Tuesday, February 07, 2006
2nd part of tuesday
well. so today was tuesday and i had math. freak man i dint have any test or anything! so i studied for nothing! but there are lots of homework to complete man. like so many of them!
ok math was alright. i should have gotten a fullmark for the quiz, but i didnt because of some signs and so on! lol. oh well. skip the math topic.
today i saw AIRI and yumemi again. on the way home, i was like... man i should just try to go safeway and try my luck. maybe i will be lucky enough to see something like some pretty chicks ( which i thought it was impossible cause it was 10pm ). there i saw halim's car, and i was like, OH halim is in safeway. i went in and i saw yumemi! i turned my head i saw her boyfriend, a few japanese and airi! so i chatted with yumemi a while, well. she was like " airi " is there. im like ok.
but. but. but. but.
i saw airi again, and came to the conclusion that she isnt that pretty. hahaha. but safeway was really crowded with lots of international students. but seriously speaking, i think i must be hallucination. i wanna take a look at airi again, like CLOSE up till i can see her nostrils. hahaha. i dint dare to look at her, like stare at her cause im afraid that people will notice. haha. oh well, now i come to a general conclusion that although japanese are more superior but not all of them are pretty. well well. but still superior. hahaha im a biased freak today. cranky cranky.
darwin
奇跡見えない。
this 2 month have been rather hectic. tonight i shall spend my time watching one episode bleach and start on other university applications again. lately, i have been a japanese girls ( the pretty ones ) fanatic. but i guess the reality is pretty harsh. the pretty japanese girls are stucked in japan while the rich and not so pretty one are out here in dvc. i think i like them so much untill i start to hallucinate. haha, i met yumemi on the way to school yesterday. haha she greeted me and so did i. its a long time i saw her anyway! so we talked a bit ( although i was already late for school ). hahaha but i continued chatting anyway. and i asked her about airi. she was like, isit the girl with the curly hair, and the nice smile. im like YEAH. next question was, how old is she. yumemi was like, shes 21.
AAAAHHHhhh..
can someone explain to me why are all the girls older then me. 20 should be the correct age for going into college. but i went in at 16. oh well. but doesnt matter anyway. yumemi offered to give me airi number, haha i was like ( no no ). what in the world am i suppose to tell her, i wanna ask her out for valentine? asking a girl who is older then me by 3 years. doesnt sound any smarter to me. in any case, im lousy at flirting with girls. im also lousy at interacting with strangers. hahaha unlike jeffry. that jackass is real good. he just used my phone yesterday night and called and chat with some girls that he dint even know. damn hes good man.
anyway today i saw airi today. i took a close look and i realized she wanst that pretty. but because shes a japanese, maybe im biased. its when she smile she looks nice. shes a little short and chubby in the face but she looks matured.

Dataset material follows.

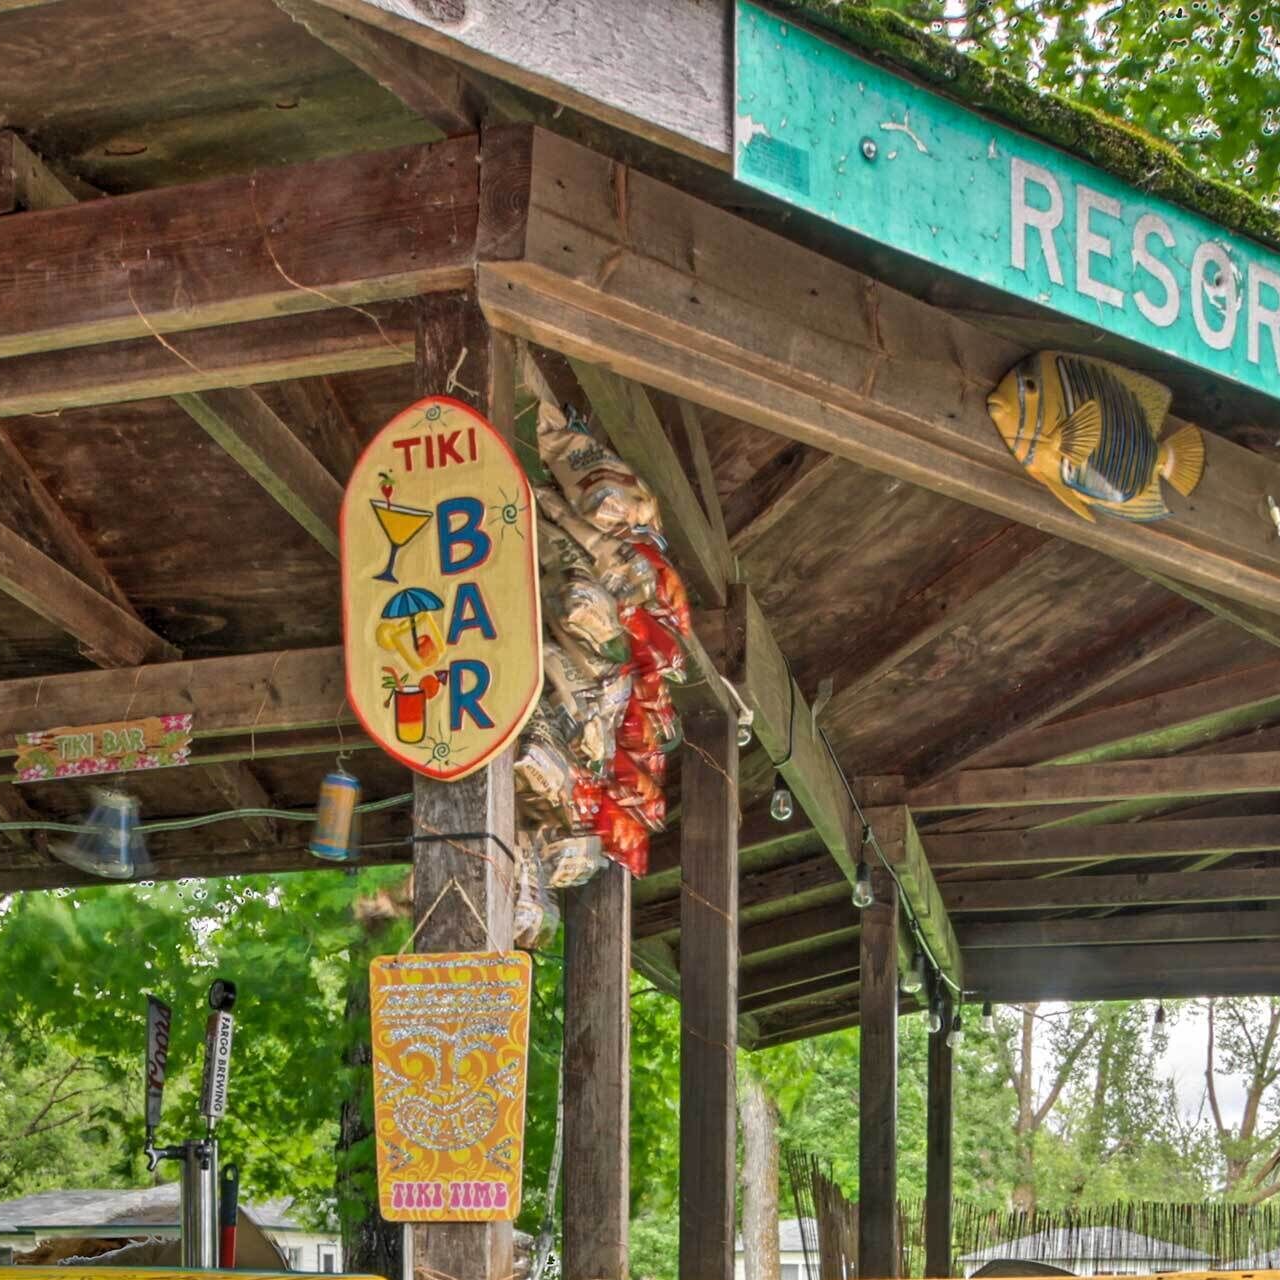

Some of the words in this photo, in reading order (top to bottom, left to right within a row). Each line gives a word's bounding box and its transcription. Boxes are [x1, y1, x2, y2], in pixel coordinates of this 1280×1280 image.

OHHHHH. ayes. jeffry was like telling me, how come this semester girls make us go round and round. jeffry was like asking me why i dint go for indonesian girls instead. im like, i cant clique. hahaha i think im just stuffing jeffry with nonsense feedbacks.
" darwin keep day dreaming yet he always hibernate at home instead of looking for a real girlfriend ". thats what they always say. hahahaha and indonesians dn really like japanese i guess. hahahaha, why why. all my classes are boring caues there are no pretty girls to look at. like seriously, if the class is without any girls, like pretty one it would naturally be boring. lol ewen i finally understand how you feel in class. hahahaha.
ill update later after my math class.
darwin
奇跡見えない。
Wednesday, February 01, 2006
you need to dislike the same thing to like the same thing.
this week has been a really busy week. rather it was due to improper time management. i made a few new friend, and my new roommate has been really lively. few more things more to go before settling down in peace. math classes, and of course the rent and tranfser of lease. one of my new friend is anthony, this indonesian taiwanese who doesnt speak indonesian language. thanks to him, i have been able to speak in chinese after a long time. hisashiburi ne!
well hes pretty proud of his heritage, thats a good thing. you see, every semester, there would defintely be people who join our group and leave our group. haha so fast the first problem already occured. well, i guess everyone is like girl crazy. this spring, there are like lots of introduction of girls. but my eyes are set on those irrealistic and unreachable morning musume girls. haha i wonder how many people out there are the same me. stupid and dumb yet they just continuing doing it. i guess its the effect of being superficial. the indonesian girls, i dont know what to say. how come all of a sudden i just dont want to mingle with indonesians. now i just like to hide at home, go home and start daydreaming and stare at my 14' inch screen doing nothing. its like so ... pathetic ( like what people said ). haha someone said, you want to find a girl but im forever hibernating. sometimes i wonder when i asked for a pretty girl, haha what do i have to offer other than my fats and pimples. ehhh, thats pretty bad isnt it. haha, and anthony said " you just have to be with yourself, there are lots of pretty girls who are out with ugly guys cause they have nice personality ". i dont know if he is saying that i have anice personality or what ( or maybe i have! ) hahahaha but well i dont think thats the case, well.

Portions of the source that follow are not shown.